Your task ->
Make an exact copy of the records, omitting all images.

(Annotated photo localization data)
== Segment start ==

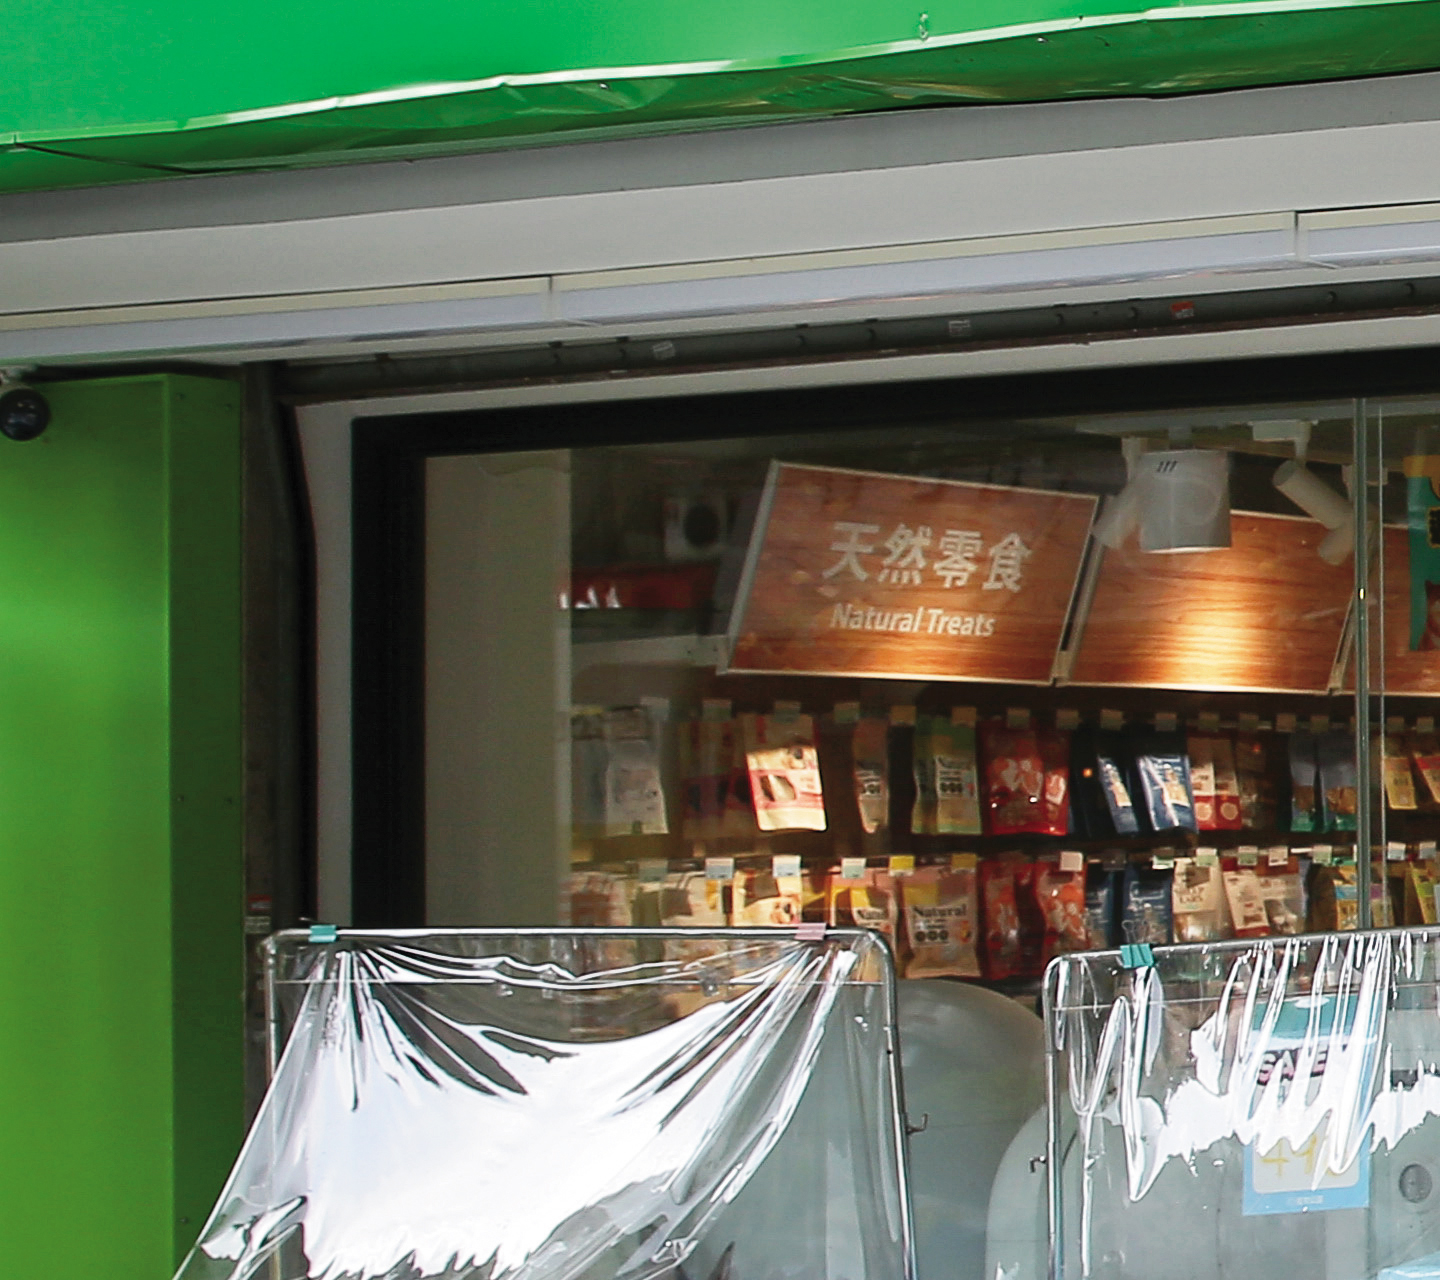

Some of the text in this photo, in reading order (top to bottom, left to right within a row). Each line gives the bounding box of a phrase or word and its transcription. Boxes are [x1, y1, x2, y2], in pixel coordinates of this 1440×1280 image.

[822, 521, 1032, 594] 天然零食
[831, 602, 996, 638] Natural Treats
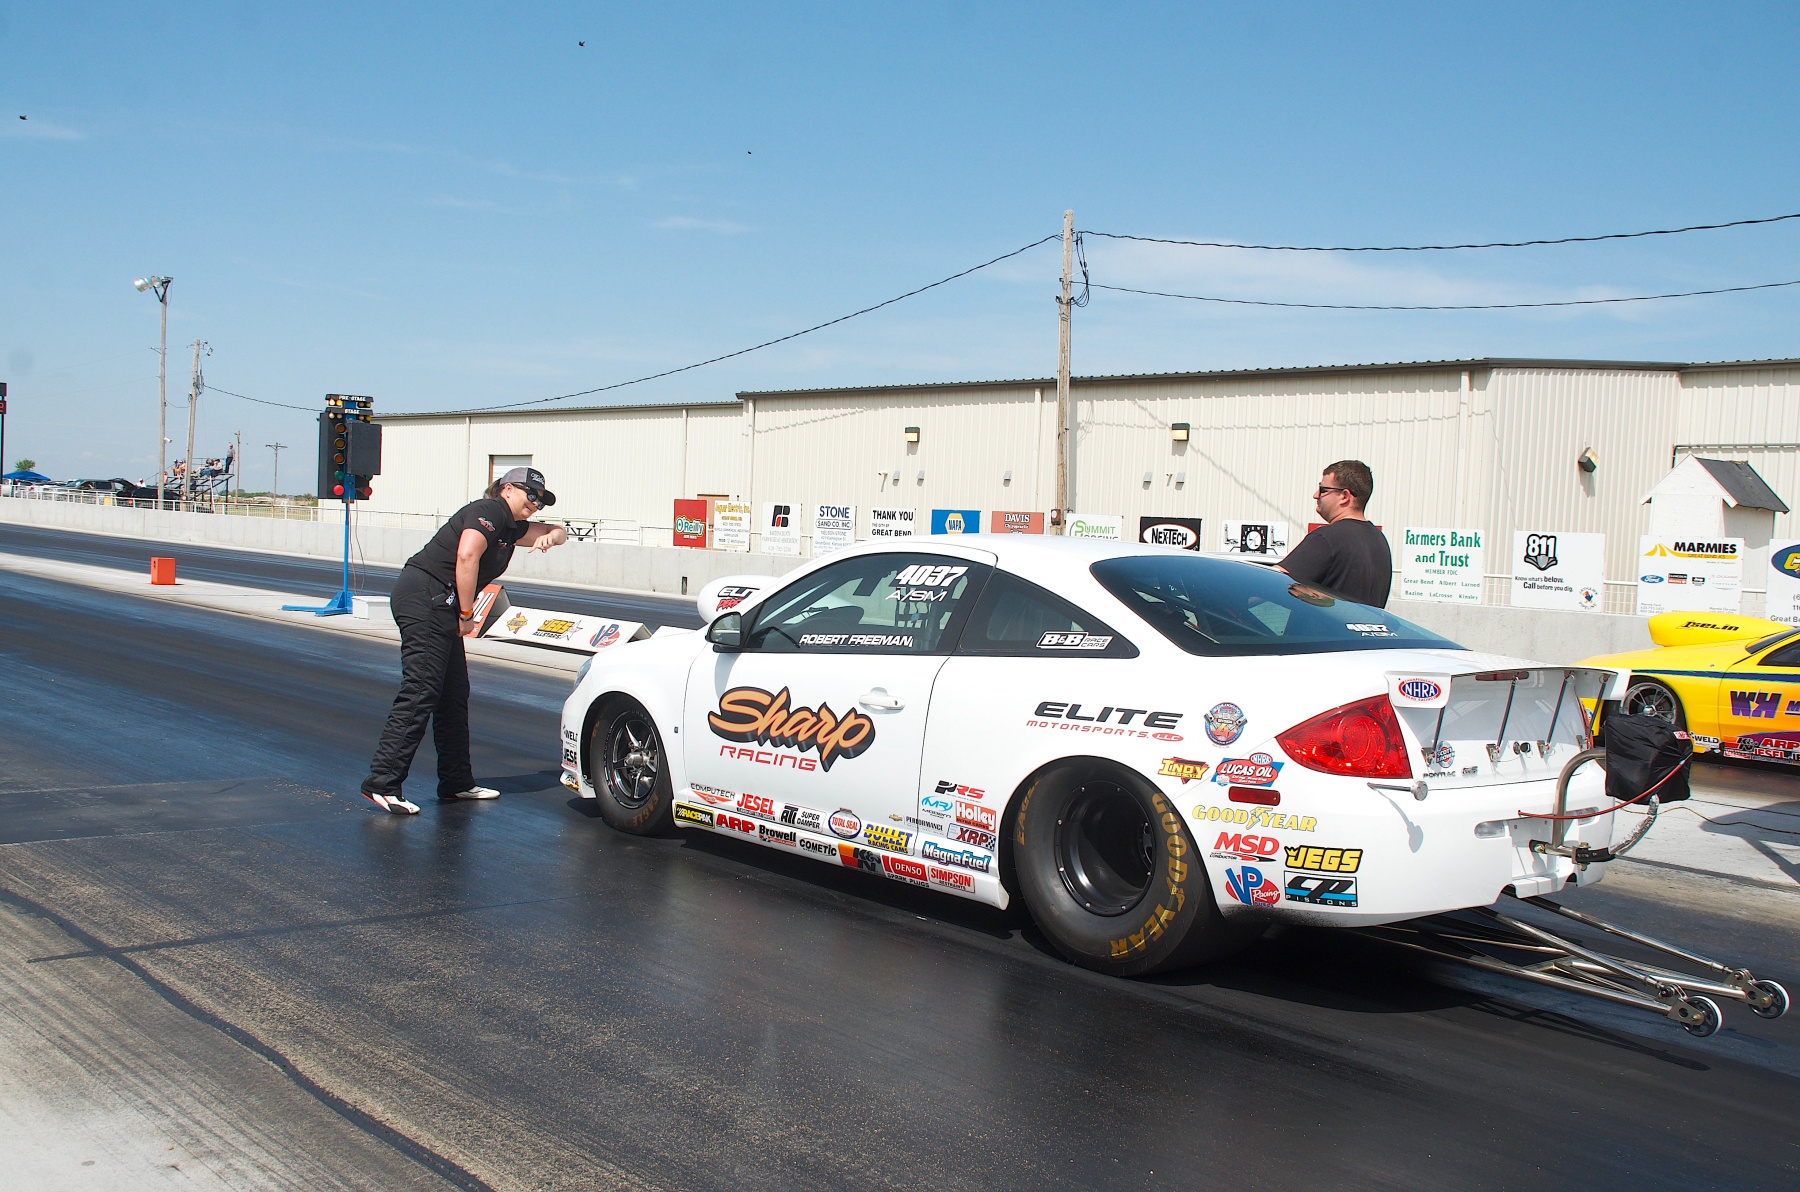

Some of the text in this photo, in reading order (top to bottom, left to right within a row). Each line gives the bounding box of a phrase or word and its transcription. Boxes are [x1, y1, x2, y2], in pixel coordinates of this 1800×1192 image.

[820, 506, 850, 518] STONE
[872, 510, 914, 521] THANK YOU
[1004, 514, 1030, 523] DAVIS
[676, 517, 704, 535] O'Reilly
[818, 520, 831, 528] SAND
[948, 520, 962, 530] NAPA
[1075, 520, 1116, 534] SUMMIT
[1406, 530, 1481, 548] Farmers Bank
[1527, 534, 1557, 558] 811
[1674, 542, 1737, 554] MARMIES
[1415, 550, 1470, 567] and Trust
[896, 565, 969, 586] 4037
[885, 588, 946, 602] A/SM
[1770, 614, 1791, 622] Great
[540, 619, 575, 633] JEGS
[591, 624, 619, 647] VP
[799, 634, 849, 645] ROBERT
[1041, 634, 1084, 645] B&B
[1405, 682, 1435, 697] NHRA
[1034, 701, 1184, 730] ELITE
[708, 686, 876, 772] Sharp
[1155, 734, 1180, 742] LLC
[1694, 736, 1719, 744] WELD
[1762, 739, 1800, 749] ARP
[720, 745, 817, 772] RACING
[1252, 754, 1270, 764] NHRA
[1158, 758, 1210, 780] INDY
[1220, 764, 1273, 778] LUCAS OIL
[690, 782, 736, 799] COMPUTECH
[737, 793, 775, 815] JESEL
[682, 808, 712, 825] RACEPAK
[780, 805, 798, 825] ATI
[801, 811, 820, 821] SUPER
[956, 800, 996, 830] Holley
[716, 814, 756, 834] ARP
[797, 818, 820, 830] DAMPER
[832, 816, 846, 828] TOTAL
[846, 819, 858, 831] SEAL
[906, 816, 944, 831] PERFORMANCE
[759, 825, 796, 842] Browell
[863, 823, 913, 847] BULLET
[956, 828, 989, 845] XRP
[799, 838, 837, 856] COMETIC
[867, 839, 909, 854] RACING CAMS
[1214, 832, 1280, 855] MSD
[853, 848, 881, 872] K&N
[923, 841, 992, 873] MagnaFuel
[1286, 846, 1364, 874] JEGS
[895, 863, 922, 876] DENSO
[930, 867, 971, 887] SIMPSON
[887, 873, 930, 888] SPARK PLUGS
[939, 880, 966, 890] RESTRAINTS
[1225, 866, 1263, 906] VP
[1253, 887, 1280, 902] Racing
[1286, 894, 1358, 907] PISTONS
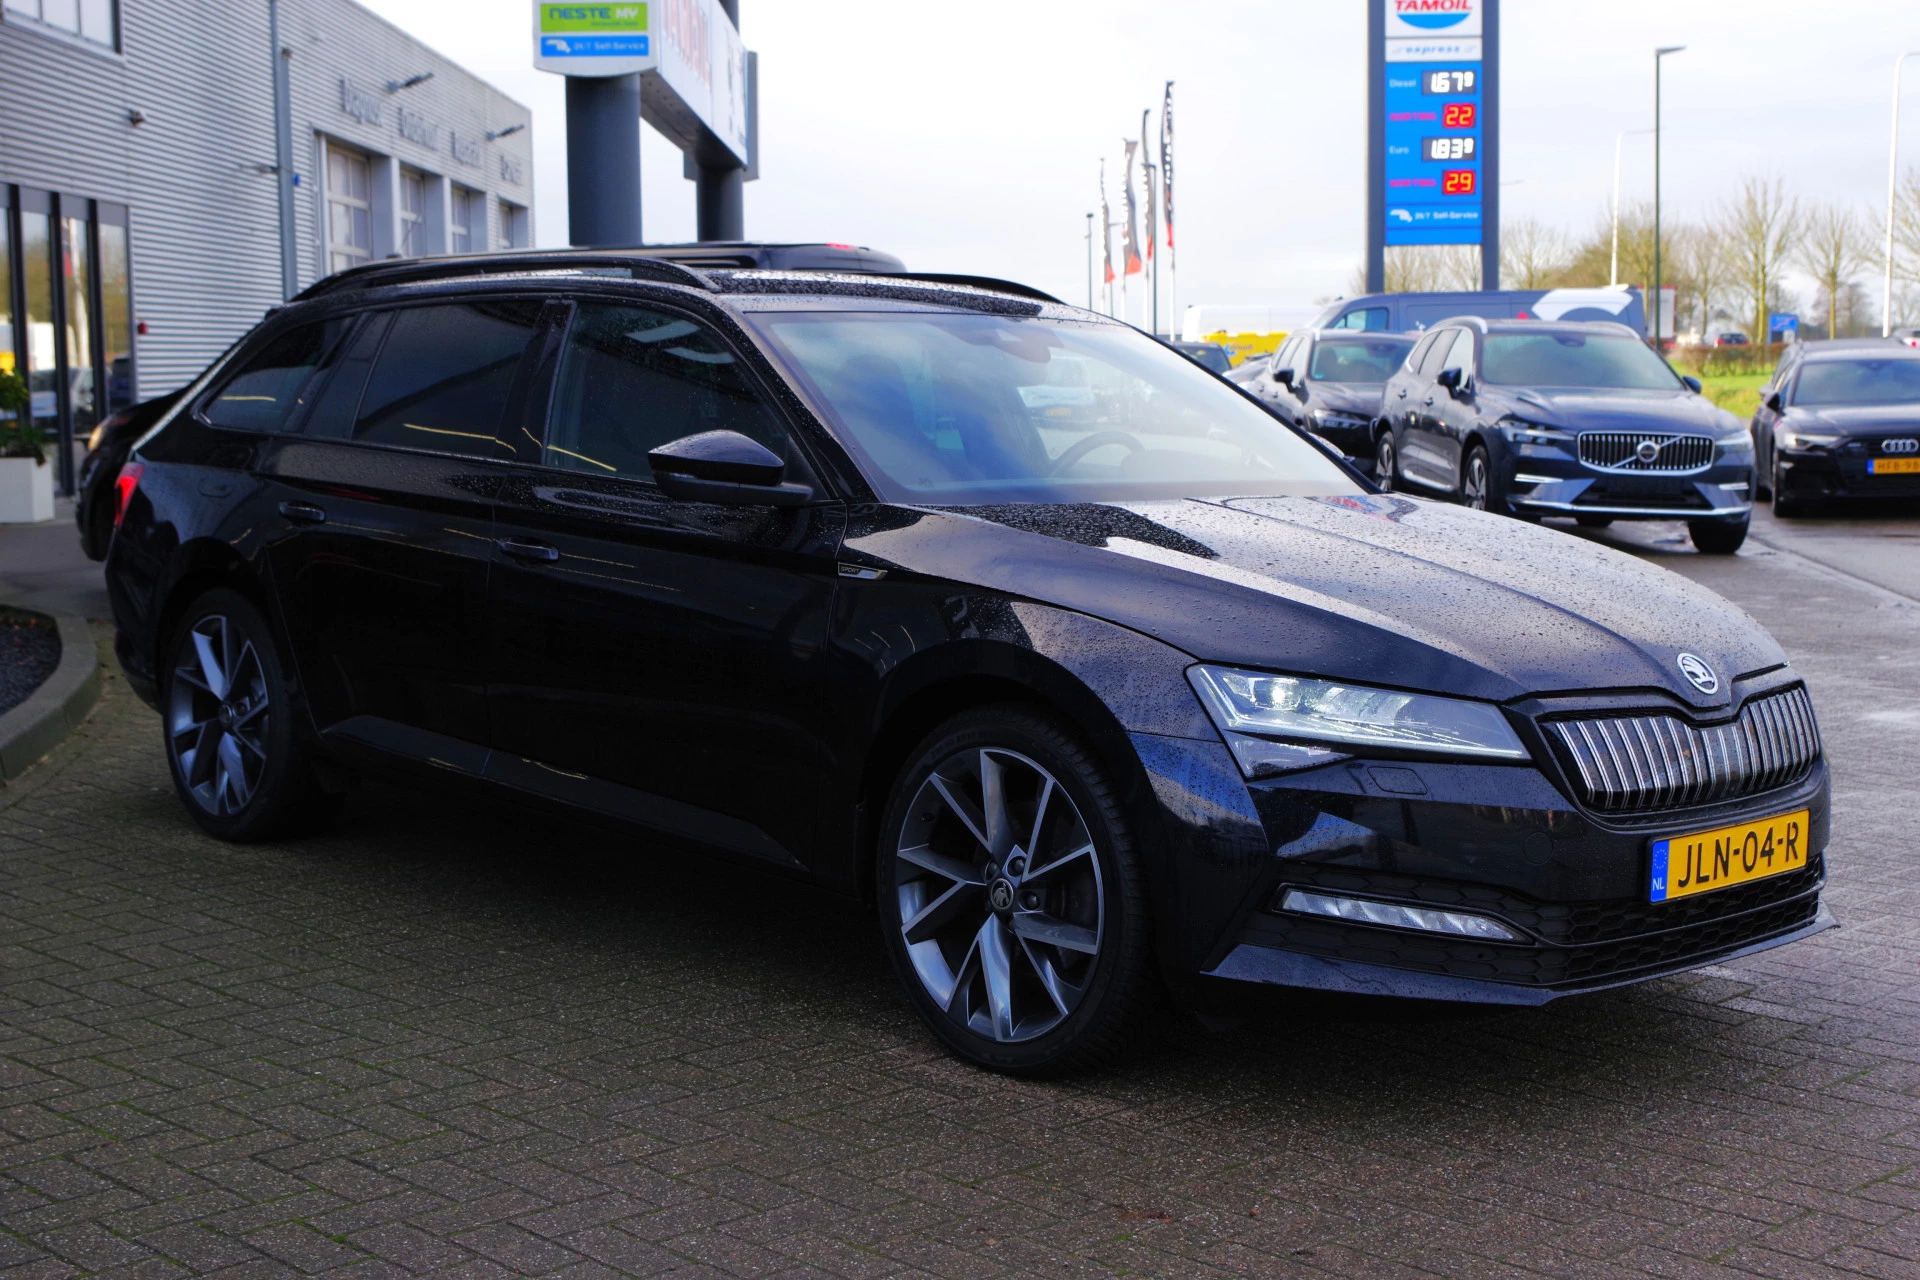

== Segment end ==

Task result ->
Some of the text in this photo, in reading order (top to bottom, left to right within a row). Each line gives the bounding box of a phrase or word and its transcription. Boxes are [x1, y1, x2, y2], in pixel coordinates of this 1440×1280 image.

[822, 521, 1032, 594] 天然零食
[831, 602, 996, 638] Natural Treats

Some of the text in this photo, in reading order (top to bottom, left to right within a row). Each line gives the bounding box of a phrase or word and its transcription. Boxes are [x1, y1, x2, y2], in pixel coordinates of this 1800×1192 image.

[820, 506, 850, 518] STONE
[872, 510, 914, 521] THANK YOU
[1004, 514, 1030, 523] DAVIS
[676, 517, 704, 535] O'Reilly
[818, 520, 831, 528] SAND
[948, 520, 962, 530] NAPA
[1075, 520, 1116, 534] SUMMIT
[1406, 530, 1481, 548] Farmers Bank
[1527, 534, 1557, 558] 811
[1674, 542, 1737, 554] MARMIES
[1415, 550, 1470, 567] and Trust
[896, 565, 969, 586] 4037
[885, 588, 946, 602] A/SM
[1770, 614, 1791, 622] Great
[540, 619, 575, 633] JEGS
[591, 624, 619, 647] VP
[799, 634, 849, 645] ROBERT
[1041, 634, 1084, 645] B&B
[1405, 682, 1435, 697] NHRA
[1034, 701, 1184, 730] ELITE
[708, 686, 876, 772] Sharp
[1155, 734, 1180, 742] LLC
[1694, 736, 1719, 744] WELD
[1762, 739, 1800, 749] ARP
[720, 745, 817, 772] RACING
[1252, 754, 1270, 764] NHRA
[1158, 758, 1210, 780] INDY
[1220, 764, 1273, 778] LUCAS OIL
[690, 782, 736, 799] COMPUTECH
[737, 793, 775, 815] JESEL
[682, 808, 712, 825] RACEPAK
[780, 805, 798, 825] ATI
[801, 811, 820, 821] SUPER
[956, 800, 996, 830] Holley
[716, 814, 756, 834] ARP
[797, 818, 820, 830] DAMPER
[832, 816, 846, 828] TOTAL
[846, 819, 858, 831] SEAL
[906, 816, 944, 831] PERFORMANCE
[759, 825, 796, 842] Browell
[863, 823, 913, 847] BULLET
[956, 828, 989, 845] XRP
[799, 838, 837, 856] COMETIC
[867, 839, 909, 854] RACING CAMS
[1214, 832, 1280, 855] MSD
[853, 848, 881, 872] K&N
[923, 841, 992, 873] MagnaFuel
[1286, 846, 1364, 874] JEGS
[895, 863, 922, 876] DENSO
[930, 867, 971, 887] SIMPSON
[887, 873, 930, 888] SPARK PLUGS
[939, 880, 966, 890] RESTRAINTS
[1225, 866, 1263, 906] VP
[1253, 887, 1280, 902] Racing
[1286, 894, 1358, 907] PISTONS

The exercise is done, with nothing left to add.